Student and staff safety was the first priority, Curran said.
"Synchronous online learning as well as teaching a live class throws up challenges and we needed to adopt different teaching strategies for students unable to return to school in person at level 2.
"Although it is possible for students to learn anything online, we acknowledge that learning may perhaps be less than optimal, especially in courses that require face-to-face contact and direct interaction, or where there are a number of practical elements involved.
"As a state-integrated school, the teaching strategies that we have in place to support online distance learning in the spilt-level situation have been negotiated with teaching staff and what we believe is manageable in the current circumstances."
Students began derived grade exams today, and students in lockdown would be able to sit them too. Those who needed Special Assessment Conditions could be able to sit their exams when they got back to school.
Forty-two students from Hamilton Boys High School are also stuck in Auckland. Principal Susan Hassall said staff were committed to updating work on Google classroom and making contact with each young man regularly. Each had a "buddy" back in class helping him keep up with lessons.
But while staff and students were doing their best there was a difference between what the school could provide for Auckland students while maintaining normal classes.

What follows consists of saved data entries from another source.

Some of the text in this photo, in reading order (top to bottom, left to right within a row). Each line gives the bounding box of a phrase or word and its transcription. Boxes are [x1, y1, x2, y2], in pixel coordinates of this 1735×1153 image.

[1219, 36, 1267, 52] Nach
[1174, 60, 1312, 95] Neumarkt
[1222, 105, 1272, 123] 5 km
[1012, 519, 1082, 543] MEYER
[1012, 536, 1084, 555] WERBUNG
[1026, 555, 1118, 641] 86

"Every possible effort" would be made to catch the students up when they came back, Hassall said. It would be helpful for the Ministry to provide funding for extra staffing for schools to support that work.
'We understand this is a stressful time'
The Ministry of Education doesn't know how many students in total are in a similar situation to Sophie as it does not hold student address data. But deputy secretary Helen Hurst said Waikato Diocesan had confirmed there were 22 students in Auckland and online learning through Google Meet was continuing for them.

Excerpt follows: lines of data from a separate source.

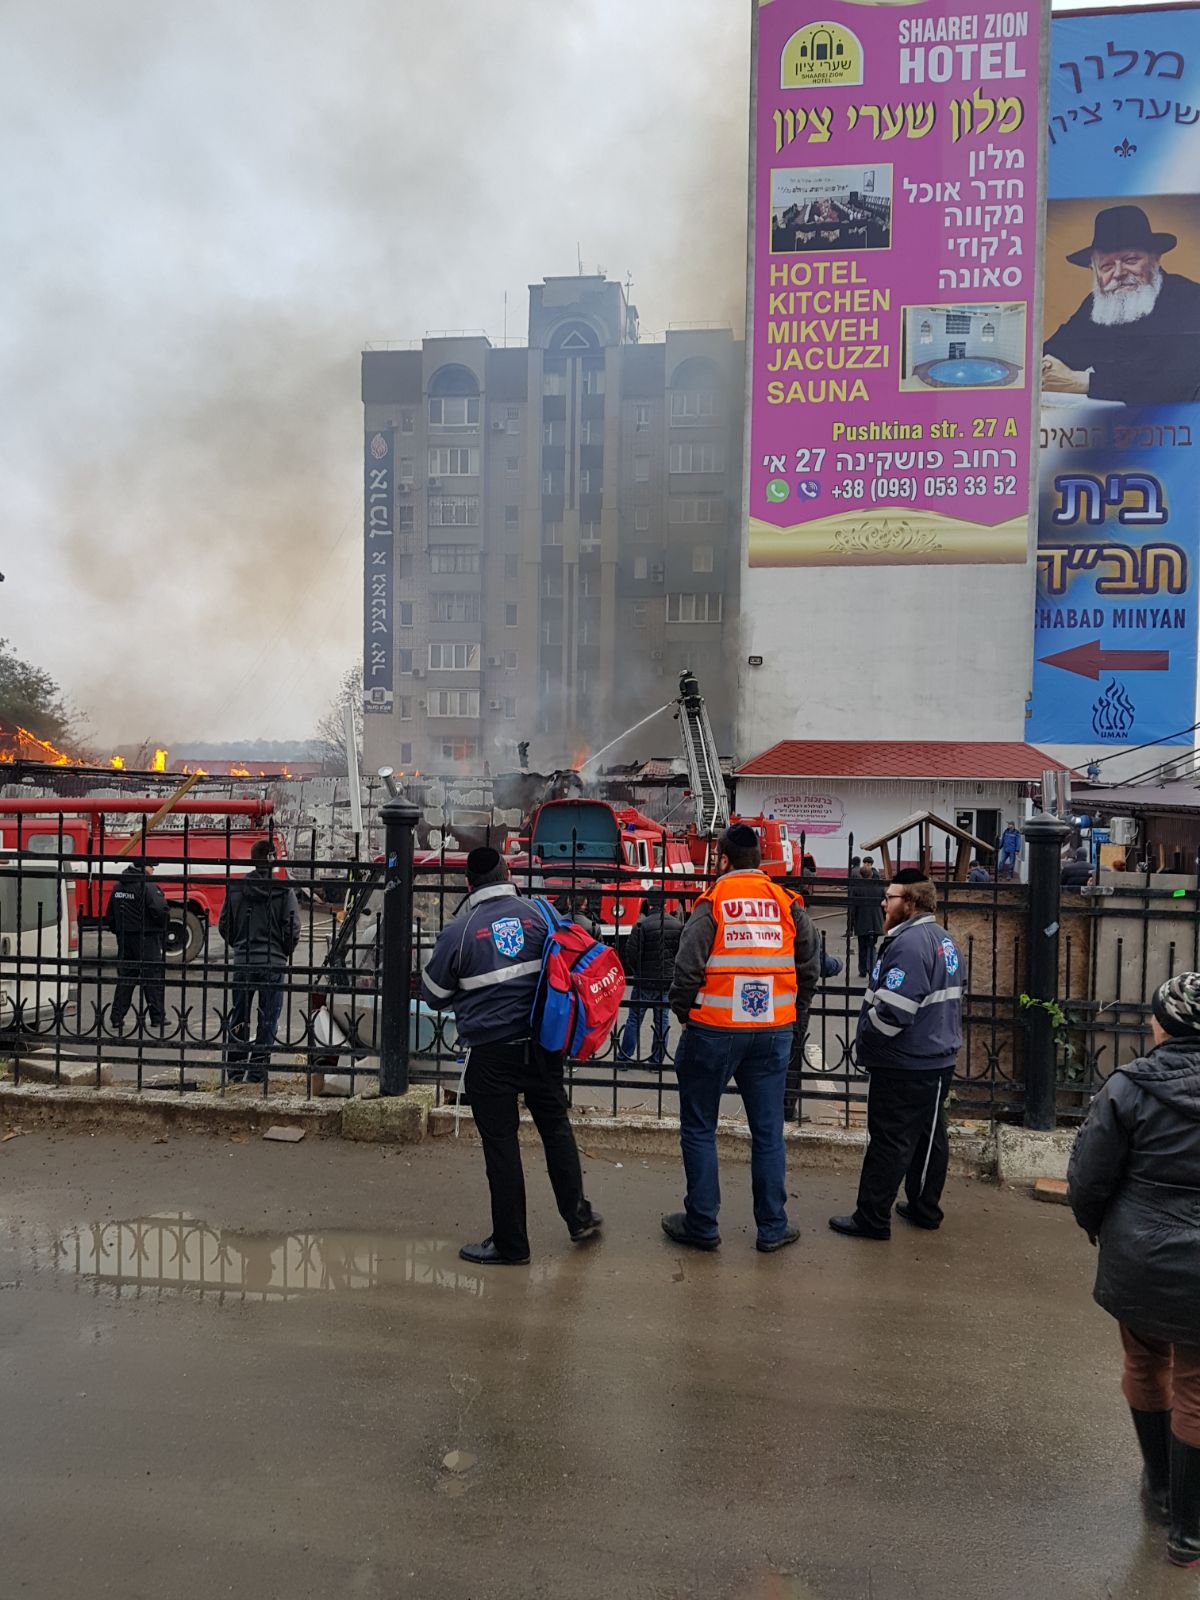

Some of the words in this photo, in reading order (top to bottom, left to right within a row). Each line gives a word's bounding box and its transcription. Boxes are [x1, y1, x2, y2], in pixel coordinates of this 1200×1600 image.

[899, 15, 978, 44] SHAAREI
[983, 11, 1028, 40] ZION
[795, 62, 814, 76] ציון
[820, 60, 852, 72] שערי
[900, 41, 1026, 84] HOTEL
[801, 72, 828, 80] SHAAREI
[847, 100, 936, 141] שערי
[949, 86, 1025, 144] מלון
[1113, 98, 1200, 125] שערי
[772, 105, 834, 154] ציון
[969, 143, 1025, 177] מלון
[903, 177, 961, 203] אוכל
[970, 179, 1024, 200] חדר
[944, 204, 1024, 232] מקווה
[769, 261, 867, 287] HOTEL
[938, 266, 1023, 289] סאונה
[769, 288, 891, 315] KITCHEN
[767, 318, 879, 344] MIKVEH
[767, 345, 889, 372] JACUZZI
[766, 378, 870, 404] SAUNA
[832, 420, 923, 442] Pushkina
[930, 419, 964, 439] str.
[972, 417, 998, 438] 27
[1003, 417, 1018, 437] A
[795, 448, 826, 473] 27
[836, 450, 944, 477] פושקינה
[953, 448, 1017, 469] רחוב
[831, 478, 864, 499] +38
[870, 477, 917, 502] (093)
[924, 475, 958, 497] 053
[964, 475, 987, 496] 33
[993, 475, 1017, 496] 52
[1054, 475, 1167, 524] בית
[1112, 608, 1186, 629] MINYAN
[1101, 731, 1128, 739] UMAN
[724, 901, 778, 918] חובש
[726, 930, 753, 941] הצלה

"We do understand this is a stressful time for the students keeping on track with their school work and for whānau who are supporting their ākonga.
"We continue to work closely with schools and kura directly impacted by Covid-19 whilst following the Health Order."
The Ministry of Health said travel to level 2 regions like Waikato was highly restricted to minimise the virus' spread, so students could not cross the boundary to attend other schools.
"We appreciate the disruption this will cause, but the highly transmissible Delta variant means strong precautions are necessary."
National's education spokesman Paul Goldsmith said the Government had had 18 months to find a way for this cohort of children to get back to school when alert levels changed - such as exempting those who were vaccinated and tested negative.
Asking schools to teach classes online and offline simultaneously was unreasonable, he said.
"It seems to me to be rather heartlessly inflexible ... Given the strong message that we have about the importance of attending school I think this is one where they could have done better."
He was also concerned about an "anomaly" that meant students were not eligible for the same credits as others in Auckland, because their schools were in level 2.